When first finding out about the extra week of spring break, I was ecstatic. I could not care less about a silly virus or what this extended spring break would bring. As a made my way home from the beach, things began to sink in on how this week would really go. I realized I was back under my parents' roof, which meant not being able to go and do whatever I wanted whenever I pleased. This did not seem so bad since they are not that strict, but I did not know how much worse it was about to get. I enjoyed the company of my friends for a few days, not knowing that it would be the last time I got to for a while.
On Monday, I rode to Starkville with my roommate to get a majority of my clothes and things I needed for the break. While I was gone, Mississippi State called for online schooling the rest of the semester AND President Trump called for a two-week quarantine in America. While most of my friends' parents did not see this as a huge deal, considering there were not many cases in America, my parents decided to take this announcement to the extreme. They texted my sister and I in a group message saying we were not allowed to hang out with our friends or do much of anything for two weeks. Me being a social butterfly and suffering from severe FOMO, lost my mind. How was I supposed to sit in my room for two weeks away from my friends? What was I going to do with all of this free time and my thoughts eating my alive? I argued and argued until I had nothing else to say.
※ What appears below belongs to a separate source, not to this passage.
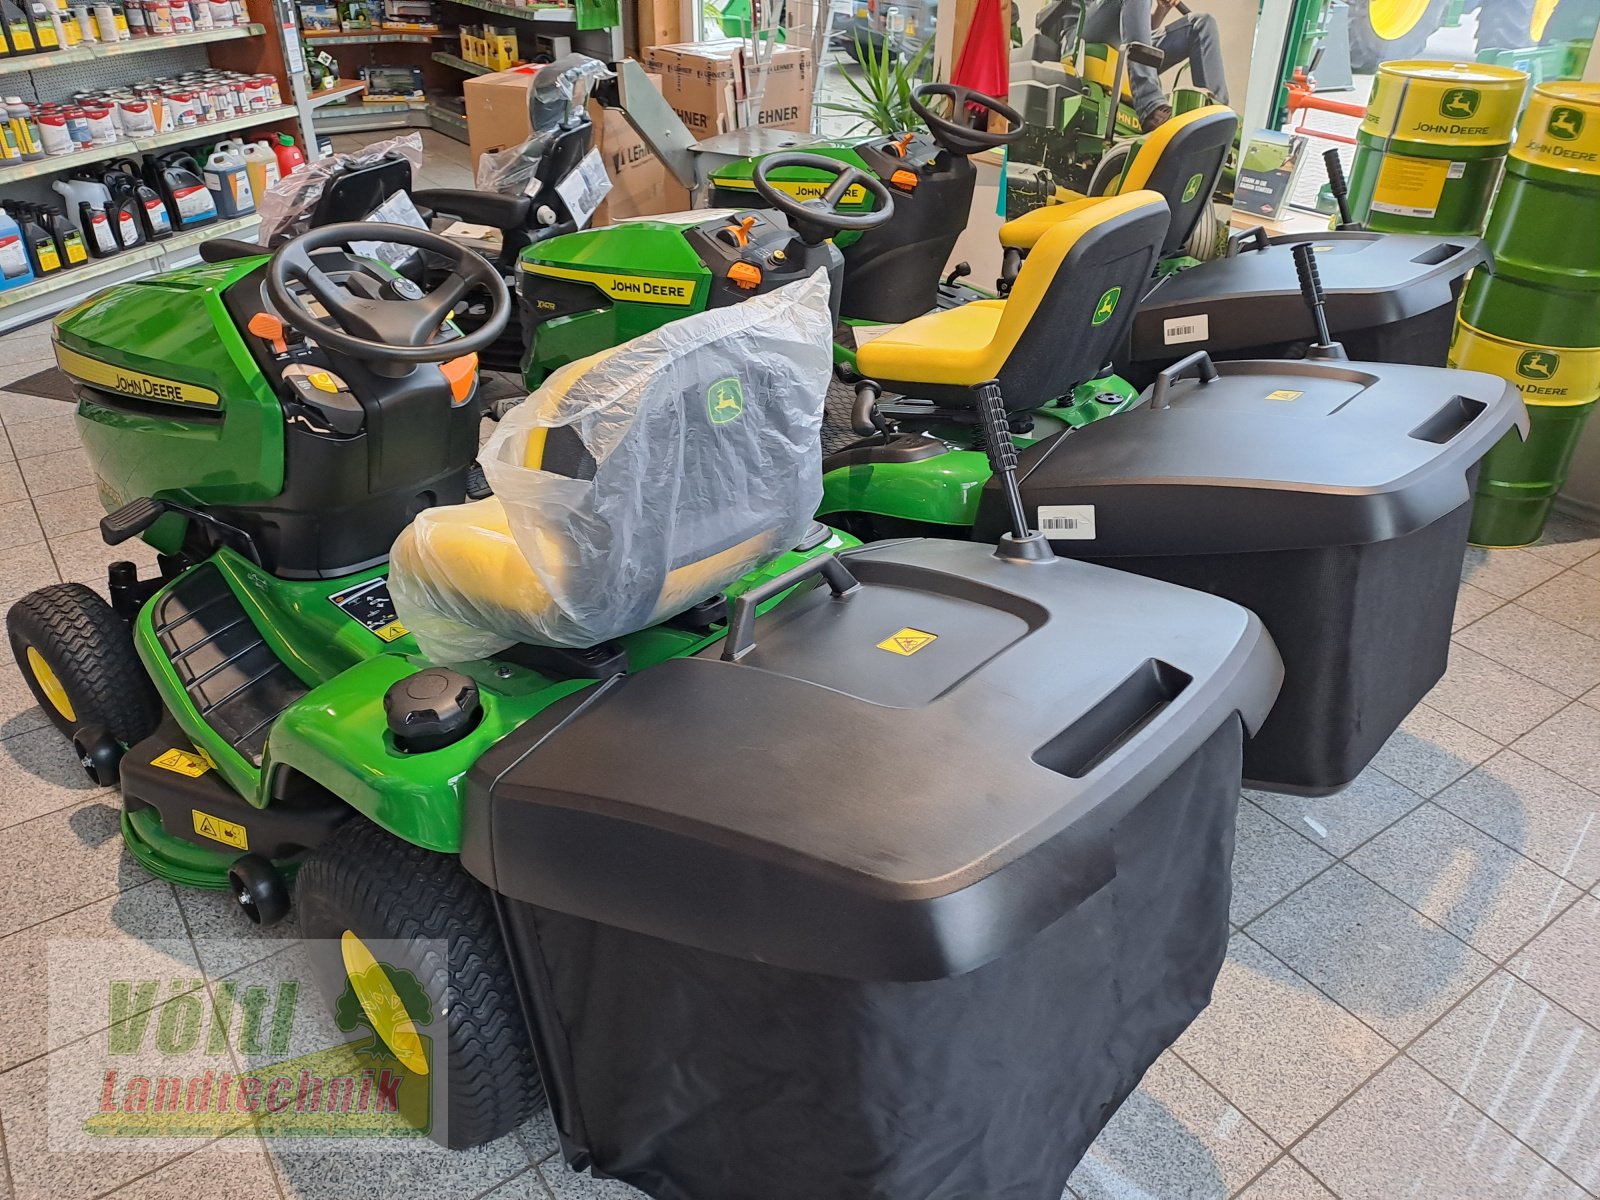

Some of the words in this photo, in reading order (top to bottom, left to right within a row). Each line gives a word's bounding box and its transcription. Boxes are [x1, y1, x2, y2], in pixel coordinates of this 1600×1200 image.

So far, the whole experience has been absolutely awful. My friends have been out doing whatever and having fun, while I have looked through the entire Netflix website 5 times. I have cleaned my room and eaten probably 1 meal in 48 hours. I am dramatic, so of course I have not spoken to my parents either. At this point, I am trying to find some light coming from this and the pandemic as a whole. I have acknowledged that I have been selfish with the entire social distancing thing and I understand that my parents are doing this to protect me and others, but it is still an extremely difficult adjustment. More updates to come on how this pandemic has changed me as a person and hopefully will change the world as well.